L'attenzione sarà sui dot plot, ecco cosa sono: desteranno la massima attenzione, ma per oggi nessun taglio del costo del denaro USA. Intanto la BCE si libera le mani, ma prima di un taglio sempre più urgente aspetterà i dati sul costo del lavoro di fine maggio

Oggi la FED sui tassi Usa, cosa guardare (e come si posiziona la BCE)

Tutti in attesa della Fed di oggi, anche se non è nel calendario delle previsioni l’atteso ribasso dei tassi.

Fed e tassi d'interesse, le stime del mercato

Le probabilità di una politica di tassi invariata che lasci nell’attuale range 5,25%-5,50% il costo del denaro a stelle e strisce sono al 99% su quel volatile strumento che è il FedWatch Tool del CME, il meccanismo di calcolo delle previsioni di mercato sui tassi basato sui future sui Fed fund a 30 giorni.

Seguendo le sue stime di deve arrivare al meeting del 12 giugno per avere un 55% di probabilità di un primo taglio dei tassi al 5,00%-5,25%. Le maggiori probabilità sono poi per un altro taglio di un quarto di punto il 18 settembre (41,9% di probabilità al 4,75%-5,00%) e quindi il 18 dicembre al 4,50%-4,75% (34,3% di probabilità). Tre tagli dunque nelle volatili attese sui tassi del FedWatch Tool, ma il mercato ha già dimostrato tante volte di avere sbagliato le previsioni sulle decisioni della Fed, peccando spesso di ottimismo negli ultimi mesi (nel senso di tagli più forti che lo incoraggerebbero).

Fed e tassi, oggi massima attenzione sui dot plot, ecco cosa sono

Ma l’incontro di oggi della Fed sarà comunque molto importante, perché restituirà al mercato la view anonima non delle posizioni di mercato di operatori interessati e tendenzialmente ininfluenti, ma quella dei decisori, ossia degli stessi membri del FOMC che decideranno sui tassi nei prossimi mesi.

Il meeting che oggi conclude la due giorni della Banca centrale Usa infatti indicherà il “Summary of Economic Projections”, il catalogo delle previsioni della Fed che comprende gli importantissimi dot point.
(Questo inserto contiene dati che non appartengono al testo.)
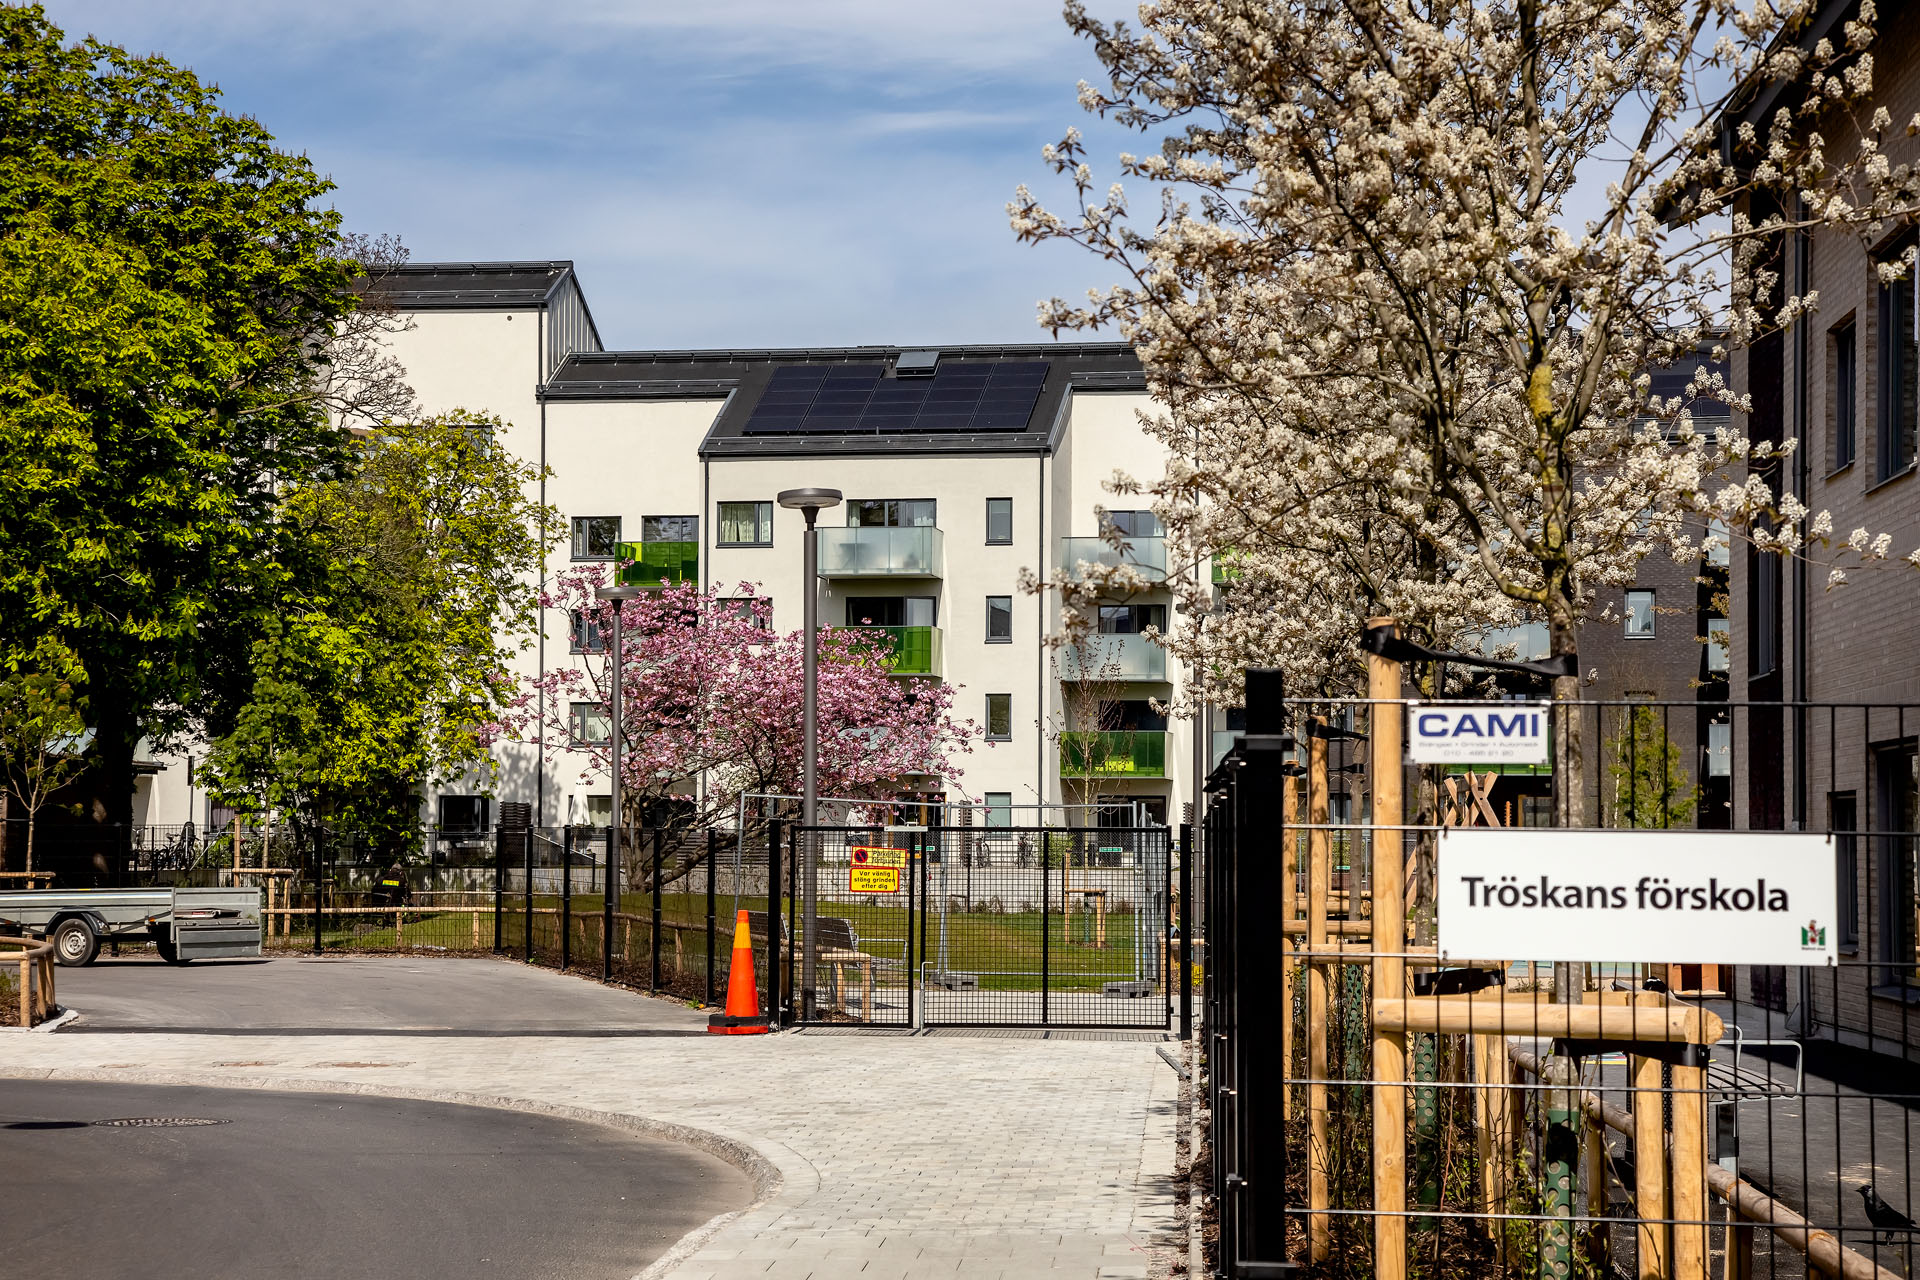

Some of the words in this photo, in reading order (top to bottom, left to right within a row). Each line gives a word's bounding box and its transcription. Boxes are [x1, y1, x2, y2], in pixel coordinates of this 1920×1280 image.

[1418, 713, 1539, 737] CAMI
[1461, 876, 1628, 909] Tröskans
[1635, 877, 1789, 912] förskola
Ossia le attese anonime dei membri del FOMC per questo e i prossimi anni. Un elenco di puntini blu appunto sparpagliati sui vari livelli attesi dei tassi per ogni scadenza, in pratica l’indicazione dell’orientamento attuale della banca centrale.

Sarà lì che si misureranno principalmente gli esiti di questo incontro.

 

Ma saranno importanti ovviamente anche il discorso di Powell e le risposte alle domande dei giornalisti. Le indicazioni sono di prudenza, va ricordato.

Fed, quell'inflazione che ancora frena gli States

Come noto l’inflazione principale presa in considerazione dalla FED è la PCE (Personal Consumption Expenditures), quella basata sulle spese per i consumi personali. L’ultimo dato è quello di gennaio. Il dato complessivo dell’inflazione PCE ha mostrato un altro calo dal 2,6% precedente al 2,4% a/a, ma la variazione percentuale sul mese precedente ha mostrato il secondo rialzo di seguito: un +0,3% sul dato di dicembre, che a sua volta mostrava un +0,1% su novembre.

La Fed, come la maggior parte delle banche centrali, guarda inoltre con particolare attenzione l’inflazione core, quella al netto delle componenti più volatili che sono il cibo fresco e l’energia, bene l’inflazione PCE “core” è ancora più alta: un 2,8% a gennaio, contro appunto il 2,4% dell’inflazione PCE generale, e il 2,9% a/a registrato a dicembre. Lo sguardo sulla congiuntura è ancora meno incoraggiante (per chi auspica una avvio a breve della fase espansiva) in quanto a dicembre la crescita della PCE core è stata dello 0,4% sul mese di dicembre, contro il +0,1% sul mese precedente di dicembre e novembre.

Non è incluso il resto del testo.